We can prove the above statement in a more general setting. We’ll work out the details for a doubly degenerate state again, as higher degeneracies follow easily. Suppose therefore that we have a perturbed Hamiltionian of the form (4.1), where the unperturbed part has two degenerate eigenstates as in (4.13). Suppose moreover that we have another Hermitian operator \(\hat{A}\) which commutes with both \(\hat{H}^0\) and \(\hat{H}'\). Because \(\hat{A}\) commutes with \(\hat{H}^0\), they have a shared set of eigenfunctions. These eigenfunctions need not be the \(\psi_a^0\) and \(\psi_b^0\) of equation (4.13), but they can be written as linear combinations of them, as in equation (4.14). Moreover, suppose that the joint eigenfunctions are not degenerate as eigenfunctions of \(\hat{A}\), i.e., we have

\[\begin{split}\begin{alignat*}{3} \hat{H}^0 \psi_\lambda^0 &= E_0 \psi_\lambda^0 &\qquad & \hat{H}^0 \psi_\mu^0 &= E_0 \psi_\mu^0 \\ \hat{A} \psi_\lambda^0 &= \lambda \psi_\lambda^0 &\qquad & \hat{A} \psi_\mu^0 &= \mu \psi_\mu^0 \end{alignat*}\end{split}\]

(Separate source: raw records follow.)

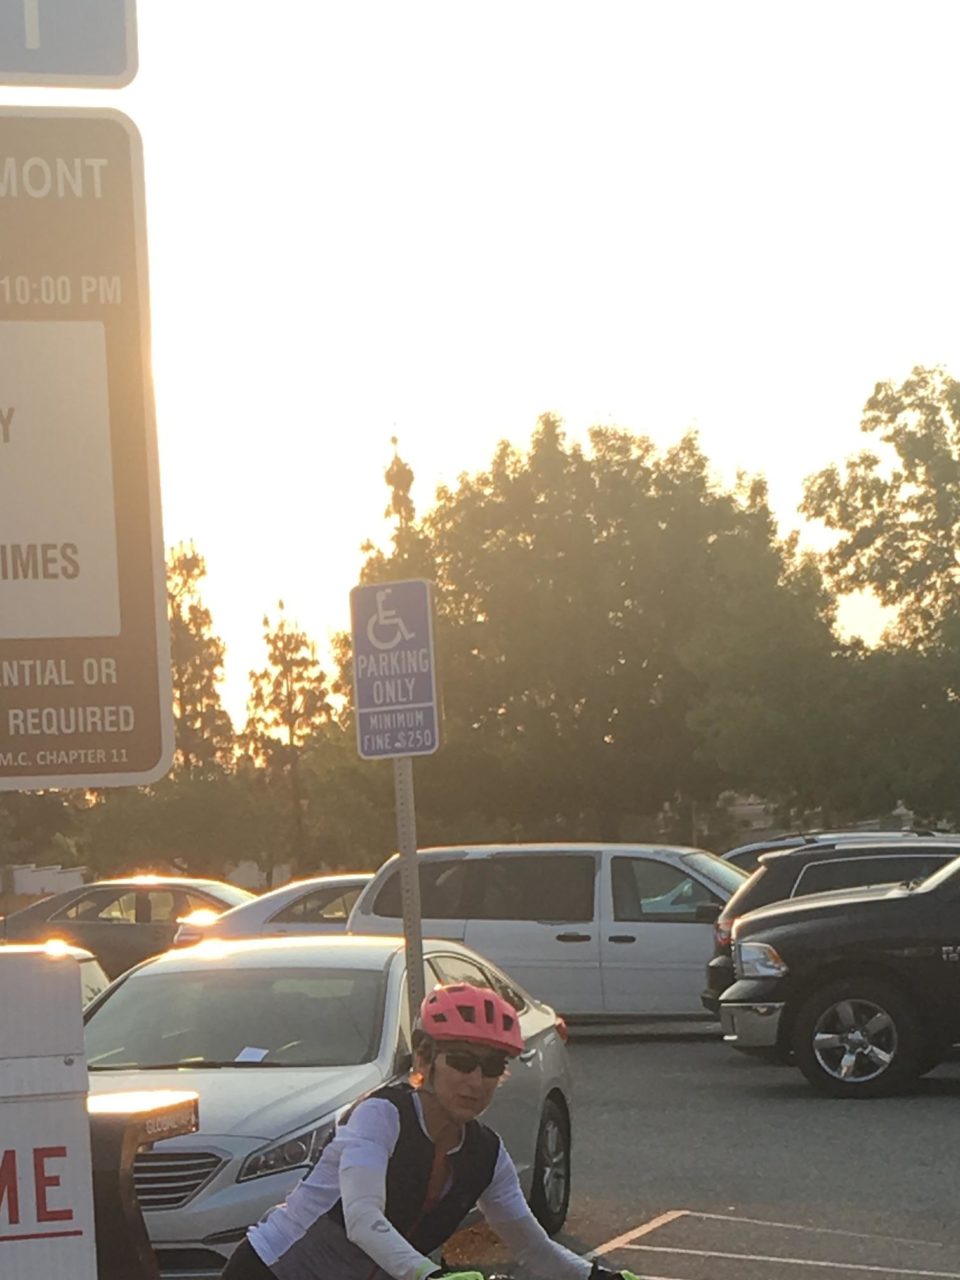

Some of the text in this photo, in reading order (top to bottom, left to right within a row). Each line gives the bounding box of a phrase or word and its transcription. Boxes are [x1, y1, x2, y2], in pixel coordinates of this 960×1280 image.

[0, 275, 71, 305] 10:00
[81, 276, 122, 305] PM
[83, 658, 117, 685] OR
[358, 649, 428, 678] PARKING
[373, 679, 415, 704] ONLY
[8, 705, 135, 736] REQUIRED
[370, 711, 424, 730] MINIMUM
[365, 735, 392, 750] FINE
[36, 750, 106, 765] CHAPTER
[111, 749, 128, 763] 11
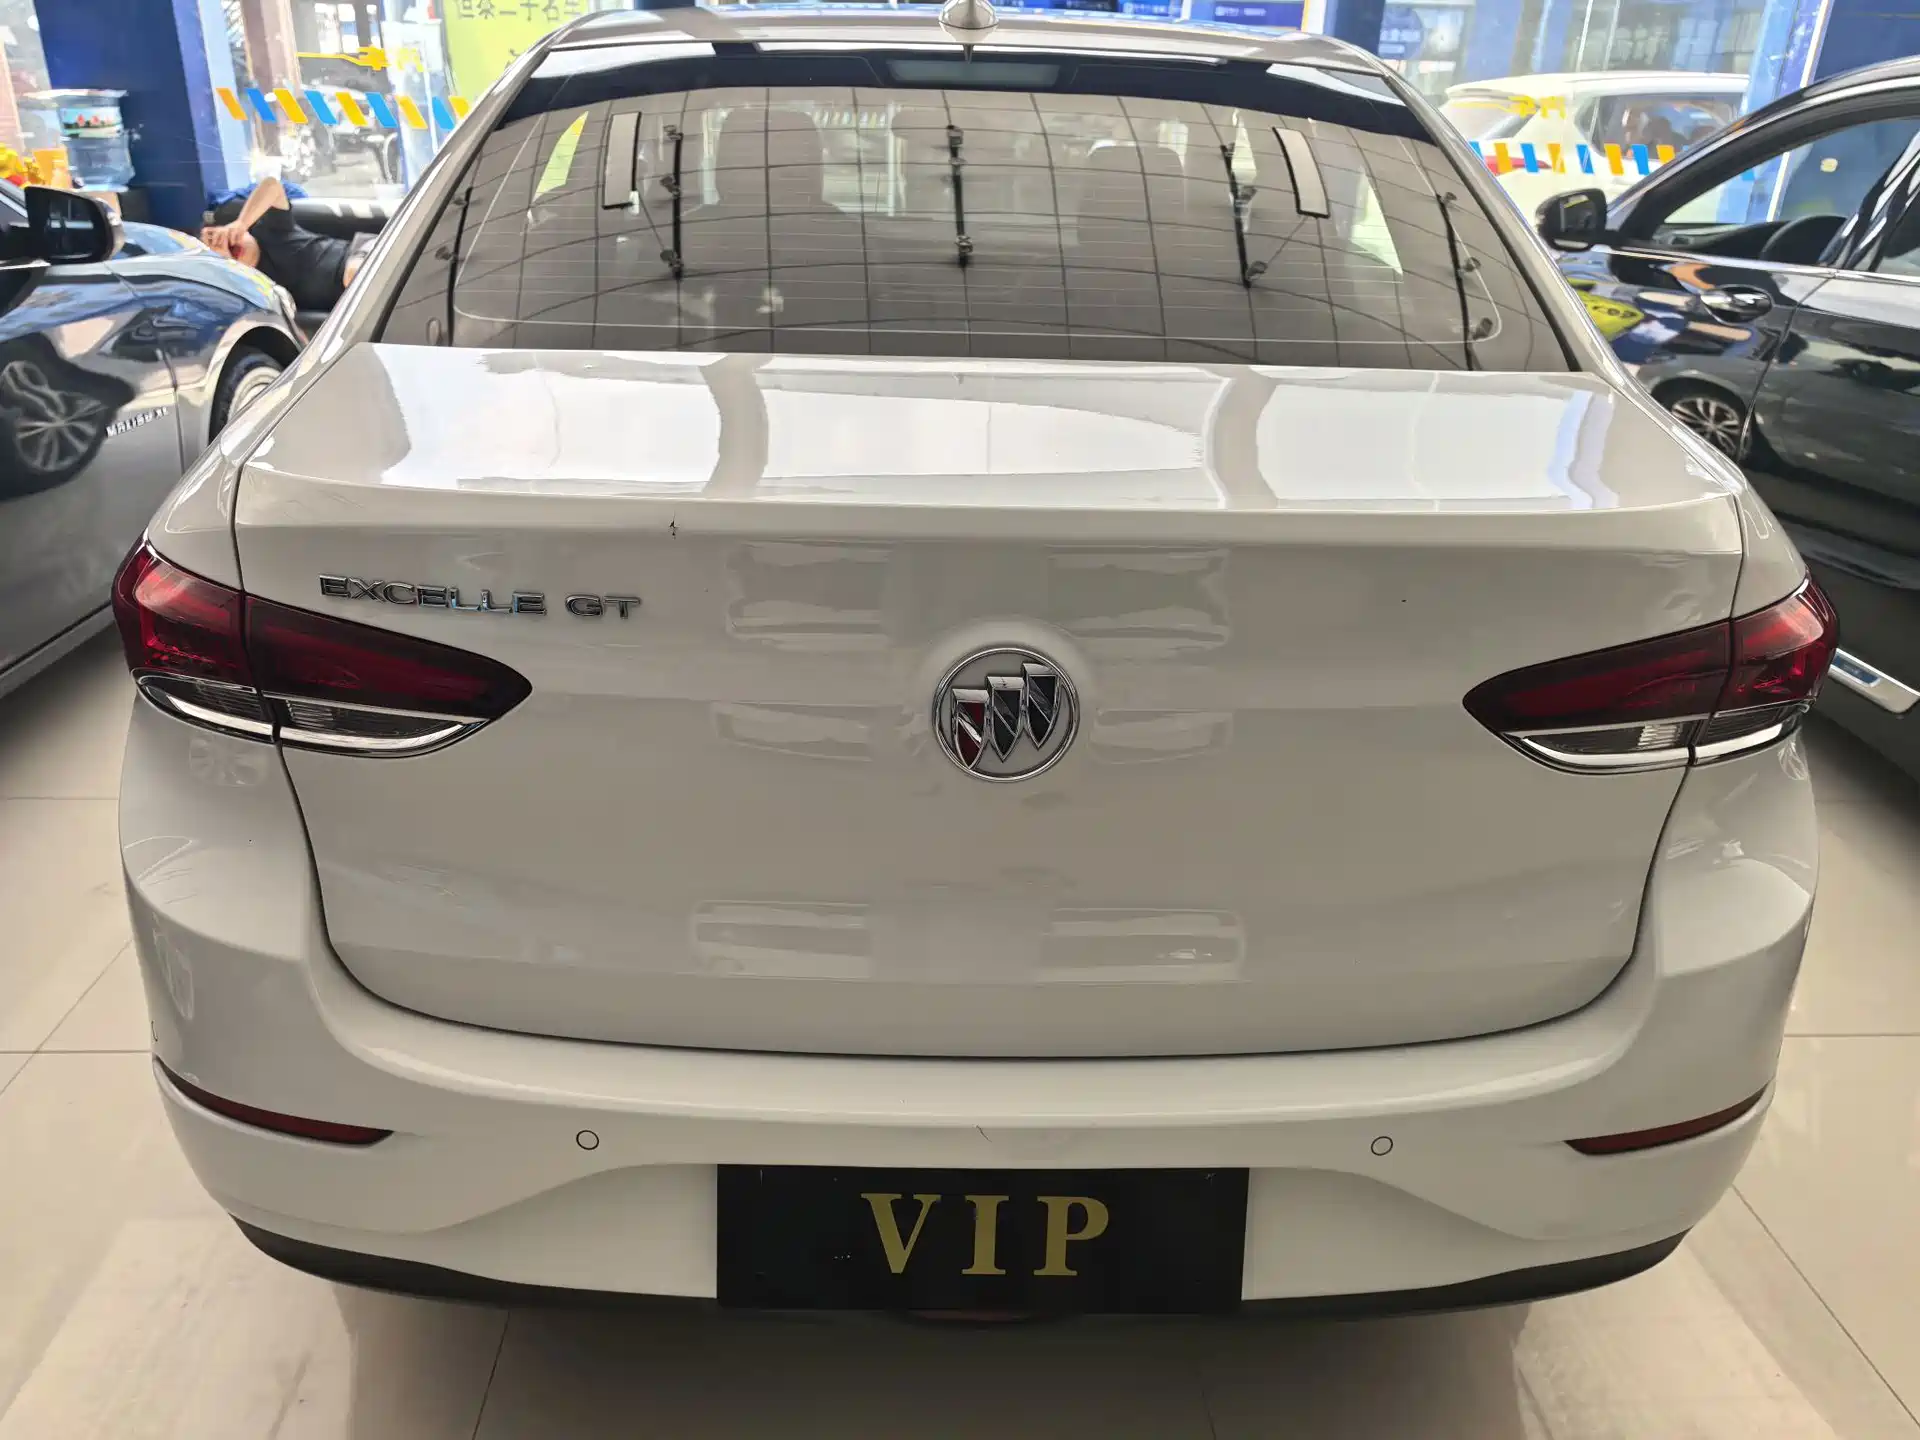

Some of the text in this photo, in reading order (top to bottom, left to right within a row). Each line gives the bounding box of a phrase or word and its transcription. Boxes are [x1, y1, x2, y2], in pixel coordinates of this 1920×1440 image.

[319, 573, 641, 619] EXCELLE GT
[860, 1192, 1109, 1276] VIP
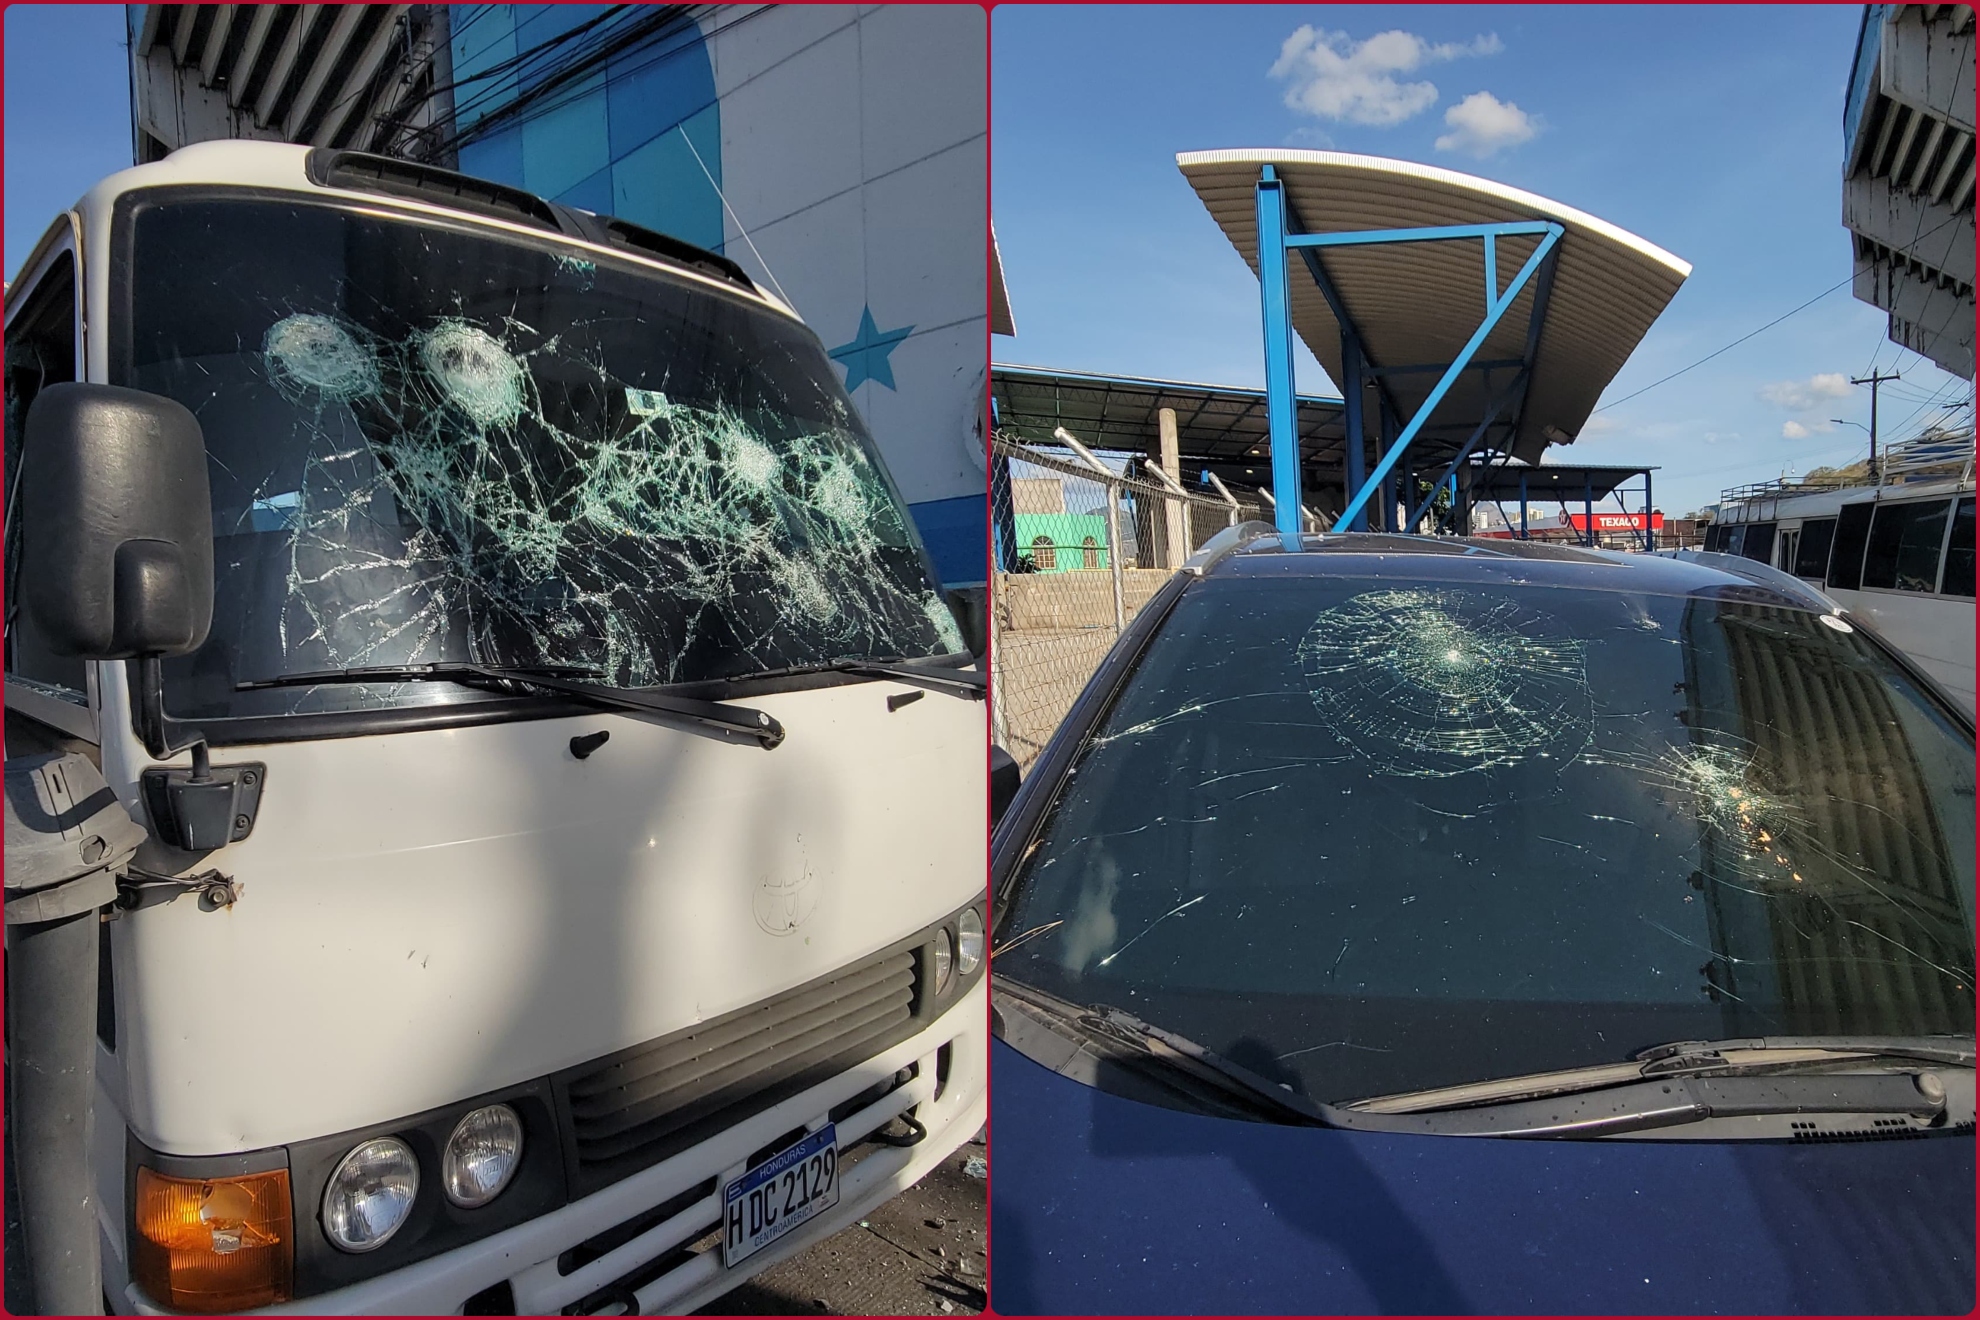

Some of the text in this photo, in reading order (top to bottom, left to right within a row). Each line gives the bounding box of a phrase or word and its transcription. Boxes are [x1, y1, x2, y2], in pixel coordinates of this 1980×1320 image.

[1599, 517, 1639, 527] TEXACO
[759, 1144, 806, 1179] HONDURAS
[782, 1147, 835, 1218] 2129
[754, 1204, 813, 1247] CENTROAMERICA

It is now easy to show that the perturbation matrix \(Q\) is diagonal in the basis \(\left\lbrace \psi_\lambda^0, \, \psi_\mu^0\right\rbrace\). We simply calculate one of the elements of this matrix, times an eigenvalue of \(\hat{A}\):

(4.18)#\[\begin{split}\begin{align*} \lambda Q_{\lambda \mu} &= \lambda \Braket{\psi_\lambda^0 | \hat{H}' \psi_\mu^0} = \Braket{\lambda \psi_\lambda^0 | \hat{H}' \psi_\mu^0} = \Braket{\hat{A} \psi_\lambda^0 | \hat{H}' \psi_\mu^0} = \Braket{\psi_\lambda^0 | \hat{A} \hat{H}' \psi_\mu^0} \\ &= \Braket{\psi_\lambda^0 | \hat{H}' \hat{A} \psi_\mu^0} = \mu \Braket{\psi_\lambda^0 | \hat{H}' \psi_\mu^0} = \mu Q_{\lambda \mu}, \end{align*}\end{split}\]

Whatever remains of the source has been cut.